For instance, all of the standard terms contain comparatively short time bars, that is deadlines by which formal proceedings must be commenced to ensure rights of recovery are preserved. The Limitation Act 1980 requires that claims for breach of contract be brought within 6 years of the date of the breach. A failure to commence proceedings within this time period gives the Defendant a complete defence to the claim.
However, the main standard terms applicable in the logistics sector require claims to be brought within a much reduced period, for instance this is 9 months pursuant to BIFA / UKWA terms.
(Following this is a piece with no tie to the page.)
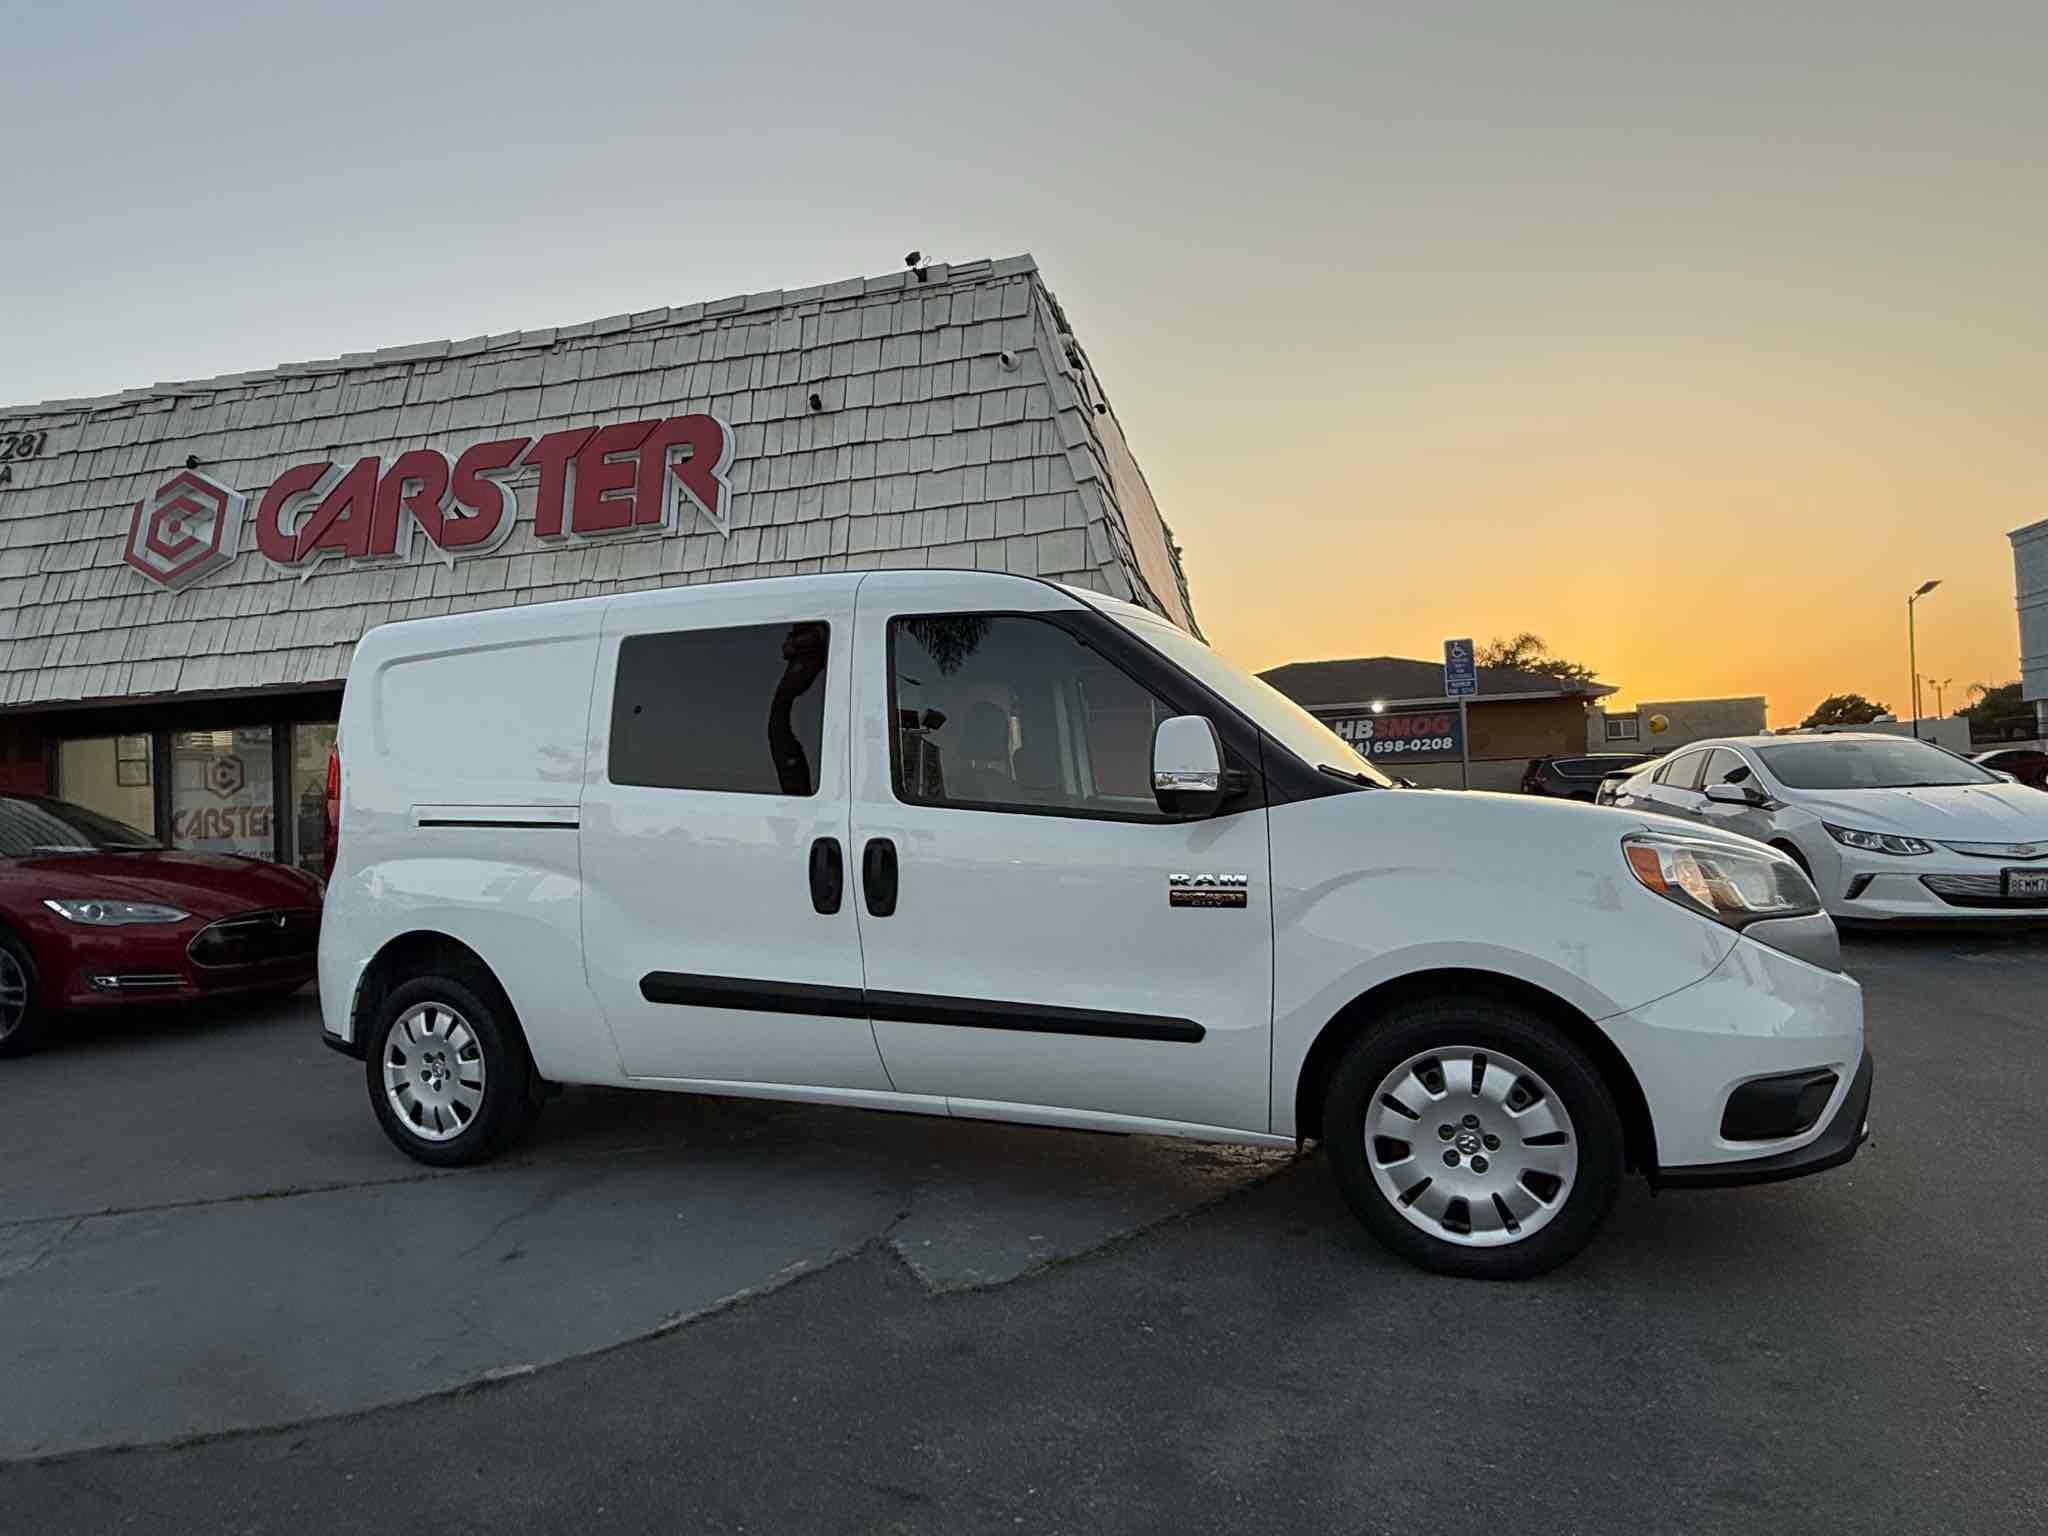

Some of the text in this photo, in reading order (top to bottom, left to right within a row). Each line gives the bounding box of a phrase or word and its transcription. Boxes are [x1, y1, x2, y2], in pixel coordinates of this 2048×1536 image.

[0, 432, 48, 459] 281
[255, 413, 732, 577] CARSTER
[1373, 737, 1453, 753] 698-0208
[1169, 873, 1247, 887] RAM
A failure to comply with those deadlines will mean that any potential claim is time barred and the warehouse or forwarder will be relieved of liability.
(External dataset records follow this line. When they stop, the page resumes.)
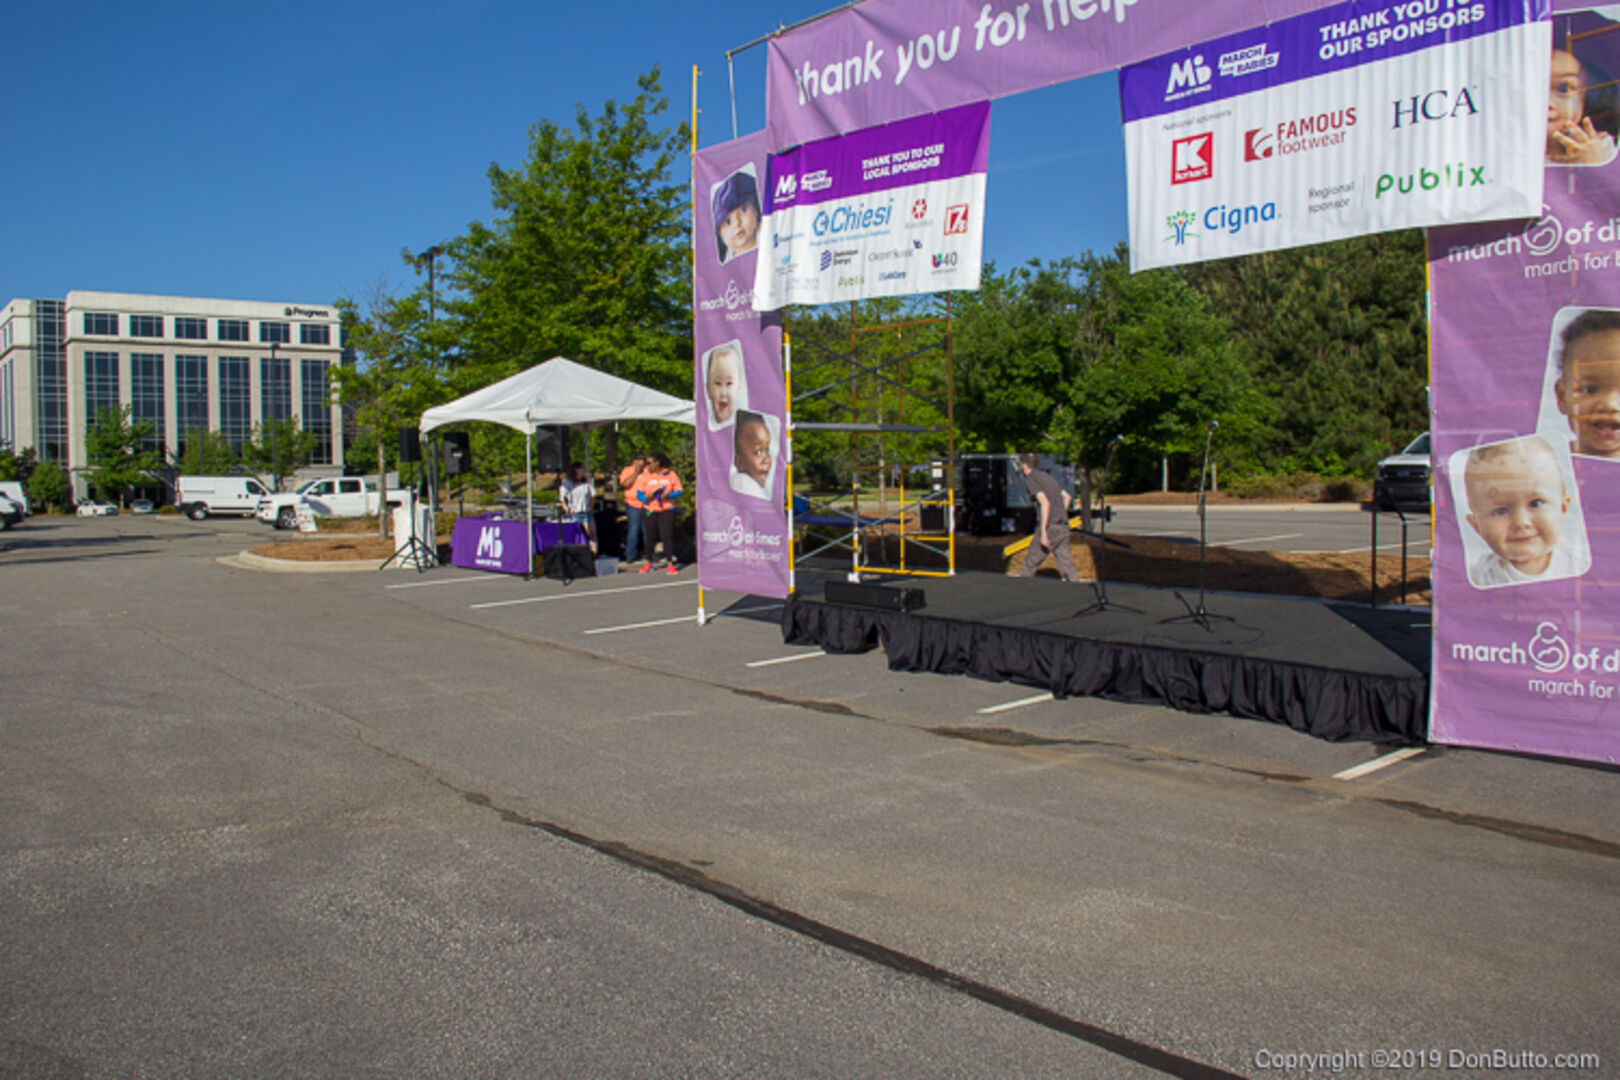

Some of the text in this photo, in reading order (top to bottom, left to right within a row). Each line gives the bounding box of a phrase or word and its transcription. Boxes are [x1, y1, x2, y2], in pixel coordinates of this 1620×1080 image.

[1319, 0, 1439, 42] THANK YOU
[1319, 4, 1485, 60] OUR SPONSORS
[795, 40, 884, 106] thank
[894, 25, 960, 86] you
[974, 3, 1030, 51] for
[1277, 106, 1357, 141] FAMOUS
[1391, 86, 1479, 129] HCA
[862, 143, 944, 170] THANK YOU TO OUR
[1278, 131, 1346, 156] footwear
[863, 156, 940, 181] LOCAL SPONSORS
[1376, 162, 1486, 199] Publix
[1308, 181, 1356, 199] Regional
[1308, 198, 1351, 214] sponsor
[831, 198, 894, 233] Chiesi
[1204, 201, 1276, 234] Cigna
[1448, 233, 1522, 263] march
[1564, 220, 1593, 245] of
[1524, 255, 1579, 278] march
[1584, 252, 1610, 271] for
[1452, 641, 1526, 665] march
[1572, 647, 1600, 670] of
[1528, 678, 1614, 698] march for
Furthermore, under BIFA, RHA and UKWA terms, not only must ‘suit be brought’ in the form of formal proceedings but ‘written notice’ of those proceedings must also be provided within the same time limit in order to protect the time position and keep rights of recovery alive, meaning in practice that proceedings must be issued and served on the warehouse within the 9 month time period.
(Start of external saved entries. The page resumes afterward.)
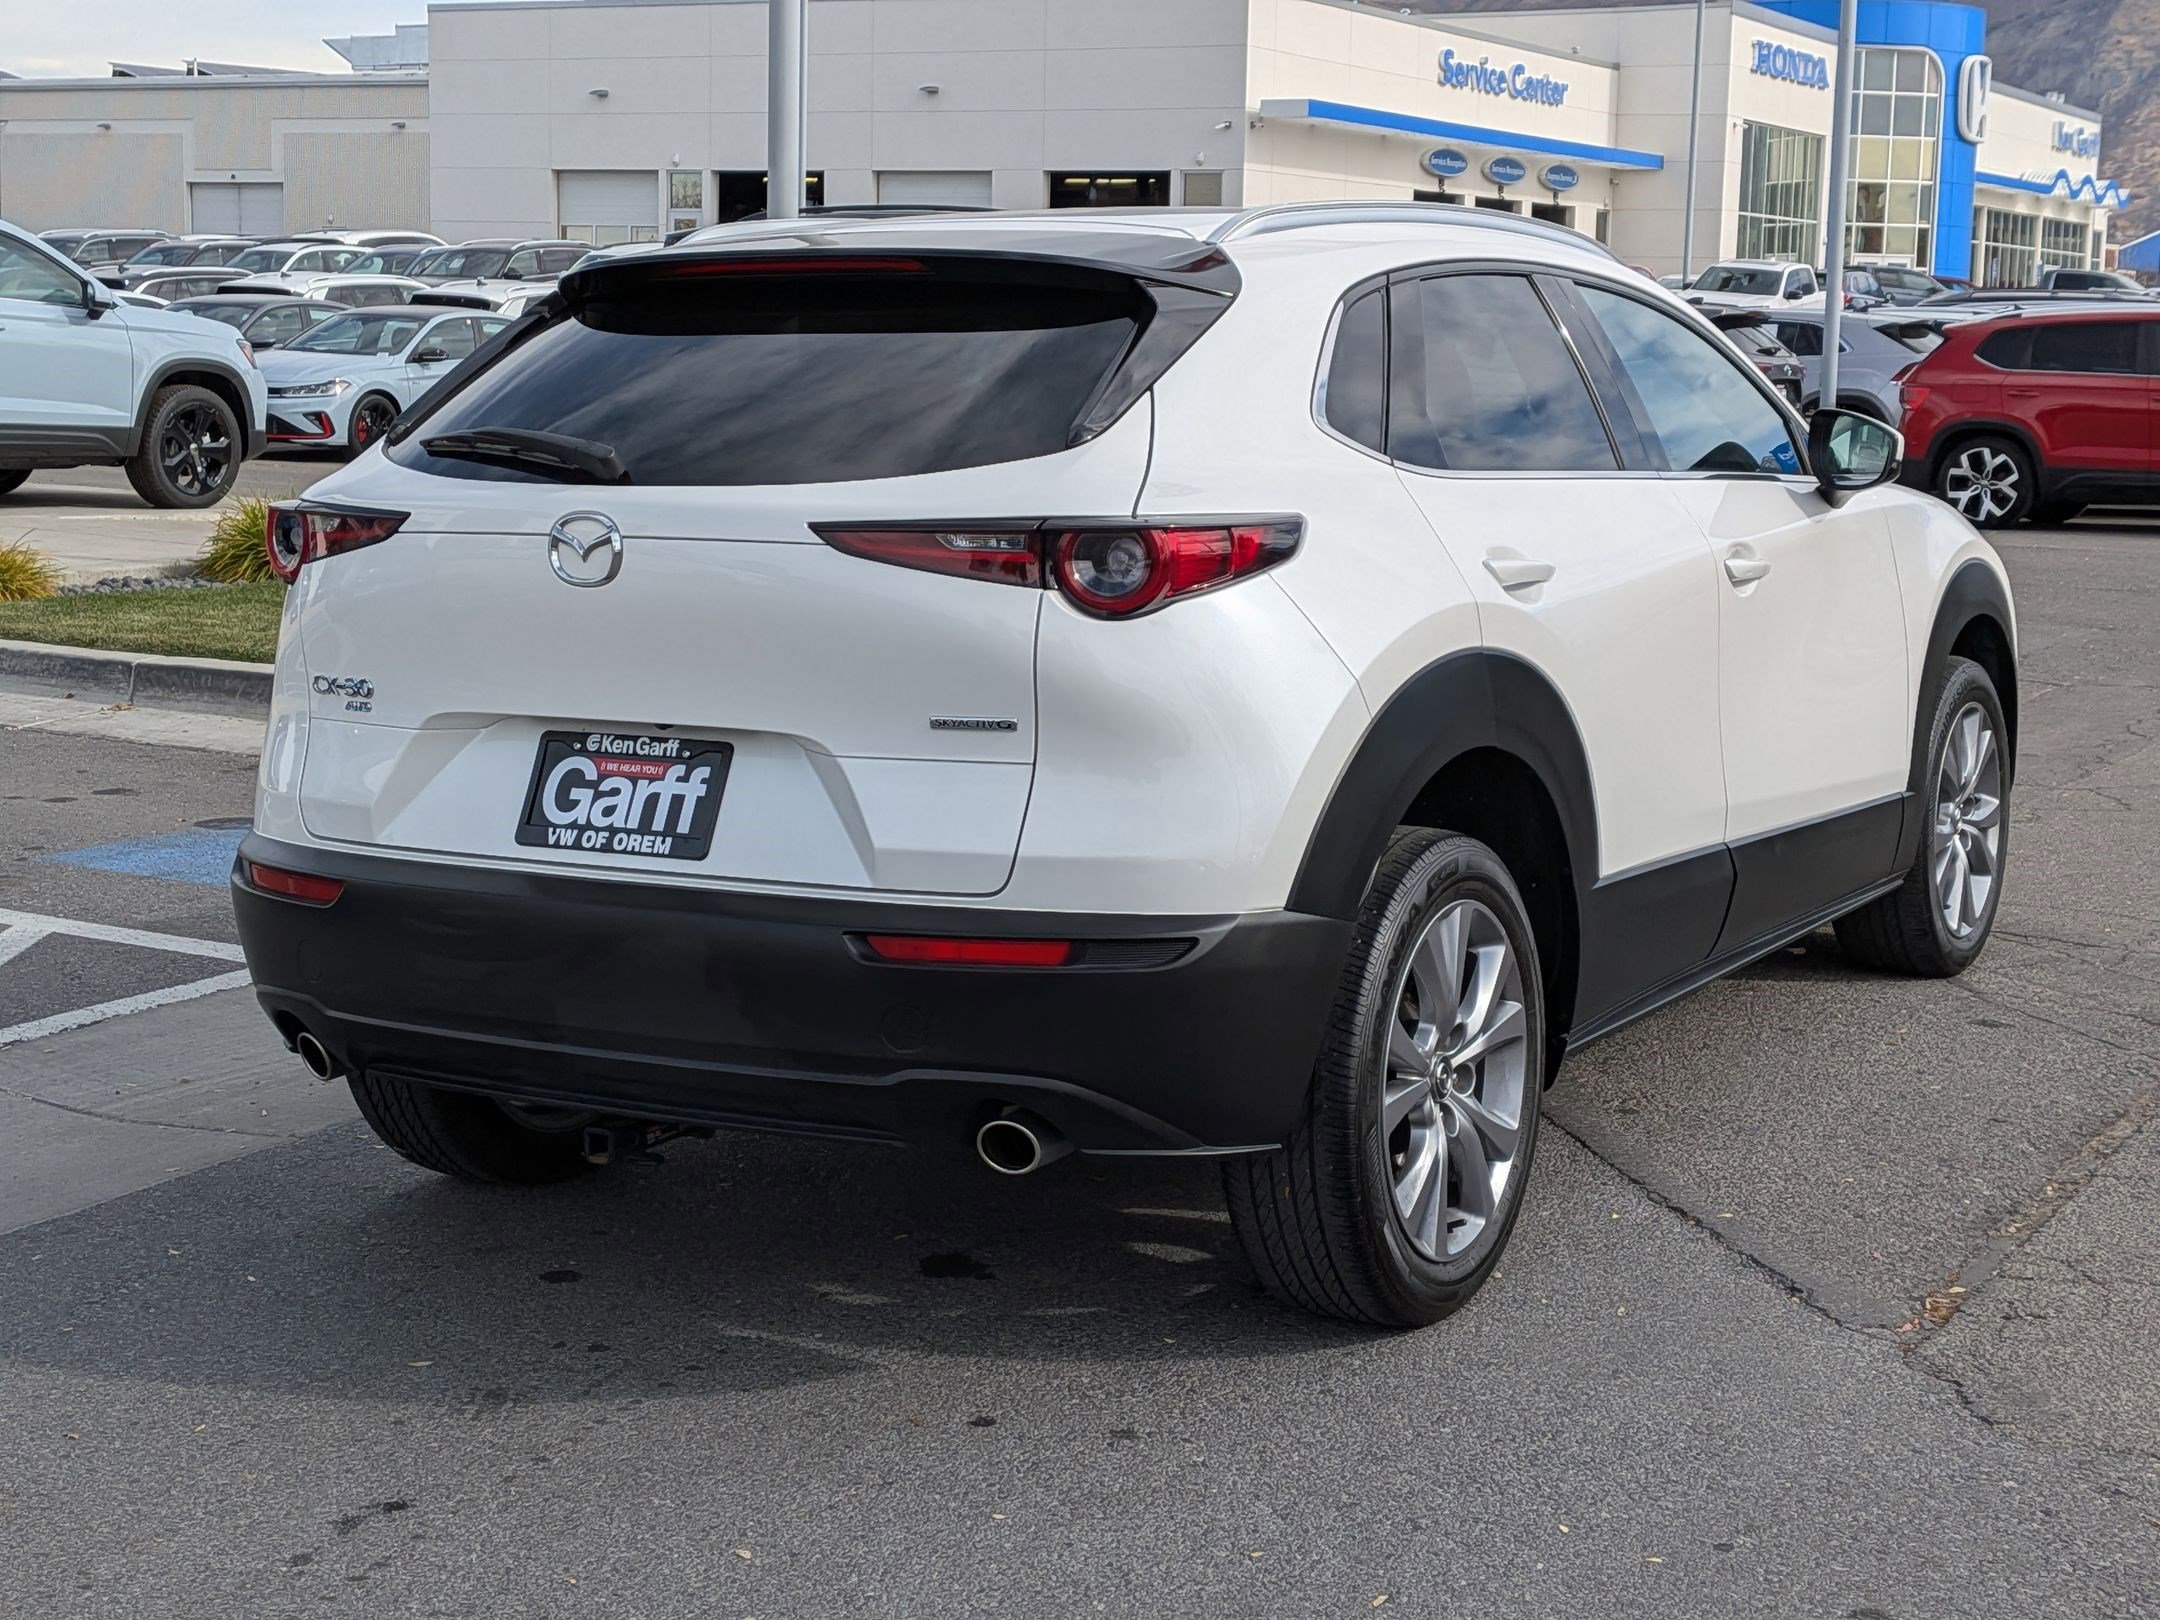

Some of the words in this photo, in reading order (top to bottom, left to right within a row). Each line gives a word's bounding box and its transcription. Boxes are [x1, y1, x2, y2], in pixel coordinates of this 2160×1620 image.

[1437, 48, 1507, 95] Service
[1507, 63, 1568, 107] Center
[1750, 39, 1830, 91] HONDA
[312, 674, 375, 699] CX-30
[601, 734, 634, 755] Ken
[635, 736, 681, 758] Garff
[606, 762, 619, 771] WE
[619, 763, 641, 773] HEAR
[642, 765, 659, 774] YOU
[542, 755, 711, 834] Garff
[547, 827, 579, 846] VW
[581, 830, 610, 850] OF
[613, 833, 673, 855] OREM
More immediate notice provisions are also common within each set of the standard terms requiring written notice of any loss claimed to be provided within prescribed notice periods. To avoid later argument it is preferable to comply with these in a timely fashion. For instance, the latest version of the BIFA terms provides at clause 27A as follows:
“Any claim by the Customer against the Company arising in respect of any service provided for the Customer, or which the Company has undertaken to provide, shall be made in writing and notified to the Company within 14 days of the date upon which the Customer became, or ought reasonably to have become, aware of any event or occurrence alleged to give rise to such claim, and any claim not made and notified as aforesaid shall be deemed to be waived and absolutely barred, except where the Customer can show that it was impossible for him to comply with this time limit, and that he has made the claim as soon as it was reasonably possible for him to do so.”
Where loss or damage to goods does occur, all of the commonly applied standard terms include clauses which serve to significantly limit the liability of the forwarder or warehouse (for instance under UWKA terms this may result in claims being limited to no more than £100 per tonne). It is essential that consideration is given to this at the outset of the contractual relationship and if necessary specific alternative insurance obtained to protect against potential future losses.
In light of the extensive disruptions to supply chains encountered over recent years and a difficult wider economic picture it should also be noted that all of the commonly applied standard trading terms contain provisions in respect to force majeure (for instance, clause 24 of the BIFA terms) and prescribe the scope within which the warehouse is entitled to exercise a lien over the goods within the warehouse to ensure payment is made for their services. The exercise of a lien can cause very significant disruption to a supply chain. It is worth noting in respect to the latter that invariably the wording will allow the warehouse to exercise a lien and hold on to the goods pending payment of any and all debts owed by the customer to the warehouse whether related to the goods currently in the warehouse or to other unrelated debts.
The industry standard terms have been and will continue to be periodically challenged before the Courts in various respects (most particularly in respect to the time bar and limitation provisions). Standard terms in the logistics sector are no different to any other set of contractual terms in that they are required to comply with the provisions of the Unfair Contract Terms Act 1977. The Act stipulates that where a party contracts on its written standard terms of business, it cannot exclude or restrict its liability for breach of that contract by reference to any term of the contract, except in so far as the term in question satisfies the requirement of reasonableness provided by the Act.